START Data to process
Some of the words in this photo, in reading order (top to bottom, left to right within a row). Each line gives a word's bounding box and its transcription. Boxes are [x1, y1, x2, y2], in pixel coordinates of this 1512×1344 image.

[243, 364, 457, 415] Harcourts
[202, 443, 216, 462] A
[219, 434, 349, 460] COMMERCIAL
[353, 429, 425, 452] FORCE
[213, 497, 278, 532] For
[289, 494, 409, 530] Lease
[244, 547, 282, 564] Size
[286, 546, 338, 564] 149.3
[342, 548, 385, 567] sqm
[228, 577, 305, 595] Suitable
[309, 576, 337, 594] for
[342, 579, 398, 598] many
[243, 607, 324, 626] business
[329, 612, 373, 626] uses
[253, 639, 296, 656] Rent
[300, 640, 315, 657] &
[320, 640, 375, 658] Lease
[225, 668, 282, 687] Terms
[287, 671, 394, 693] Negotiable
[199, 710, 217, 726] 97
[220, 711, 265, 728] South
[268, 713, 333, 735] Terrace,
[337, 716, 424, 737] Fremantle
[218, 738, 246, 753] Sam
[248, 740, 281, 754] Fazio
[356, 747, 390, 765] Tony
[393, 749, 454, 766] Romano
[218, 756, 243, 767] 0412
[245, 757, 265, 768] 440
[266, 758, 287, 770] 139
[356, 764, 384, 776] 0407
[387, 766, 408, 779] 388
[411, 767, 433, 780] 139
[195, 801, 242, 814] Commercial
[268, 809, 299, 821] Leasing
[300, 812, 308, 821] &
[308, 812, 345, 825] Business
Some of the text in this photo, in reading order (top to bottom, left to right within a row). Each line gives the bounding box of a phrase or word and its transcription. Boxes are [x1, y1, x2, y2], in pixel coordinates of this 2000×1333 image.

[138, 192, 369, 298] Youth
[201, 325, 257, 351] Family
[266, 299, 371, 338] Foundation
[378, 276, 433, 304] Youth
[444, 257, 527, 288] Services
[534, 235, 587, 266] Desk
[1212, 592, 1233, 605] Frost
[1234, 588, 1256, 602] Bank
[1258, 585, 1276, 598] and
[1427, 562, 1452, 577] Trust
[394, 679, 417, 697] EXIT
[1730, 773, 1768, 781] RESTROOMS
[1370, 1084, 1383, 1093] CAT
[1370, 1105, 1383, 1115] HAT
END Data to process
Could each line above be retyped exactly?

Some of the words in this photo, in reading order (top to bottom, left to right within a row). Each line gives a word's bounding box and its transcription. Boxes are [x1, y1, x2, y2], in pixel coordinates of this 1512×1344 image.

[243, 364, 457, 415] Harcourts
[202, 443, 216, 462] A
[219, 434, 349, 460] COMMERCIAL
[353, 429, 425, 452] FORCE
[213, 497, 278, 532] For
[289, 494, 409, 530] Lease
[244, 547, 282, 564] Size
[286, 546, 338, 564] 149.3
[342, 548, 385, 567] sqm
[228, 577, 305, 595] Suitable
[309, 576, 337, 594] for
[342, 579, 398, 598] many
[243, 607, 324, 626] business
[329, 612, 373, 626] uses
[253, 639, 296, 656] Rent
[300, 640, 315, 657] &
[320, 640, 375, 658] Lease
[225, 668, 282, 687] Terms
[287, 671, 394, 693] Negotiable
[199, 710, 217, 726] 97
[220, 711, 265, 728] South
[268, 713, 333, 735] Terrace,
[337, 716, 424, 737] Fremantle
[218, 738, 246, 753] Sam
[248, 740, 281, 754] Fazio
[356, 747, 390, 765] Tony
[393, 749, 454, 766] Romano
[218, 756, 243, 767] 0412
[245, 757, 265, 768] 440
[266, 758, 287, 770] 139
[356, 764, 384, 776] 0407
[387, 766, 408, 779] 388
[411, 767, 433, 780] 139
[195, 801, 242, 814] Commercial
[268, 809, 299, 821] Leasing
[300, 812, 308, 821] &
[308, 812, 345, 825] Business
Some of the text in this photo, in reading order (top to bottom, left to right within a row). Each line gives the bounding box of a phrase or word and its transcription. Boxes are [x1, y1, x2, y2], in pixel coordinates of this 2000×1333 image.

[138, 192, 369, 298] Youth
[201, 325, 257, 351] Family
[266, 299, 371, 338] Foundation
[378, 276, 433, 304] Youth
[444, 257, 527, 288] Services
[534, 235, 587, 266] Desk
[1212, 592, 1233, 605] Frost
[1234, 588, 1256, 602] Bank
[1258, 585, 1276, 598] and
[1427, 562, 1452, 577] Trust
[394, 679, 417, 697] EXIT
[1730, 773, 1768, 781] RESTROOMS
[1370, 1084, 1383, 1093] CAT
[1370, 1105, 1383, 1115] HAT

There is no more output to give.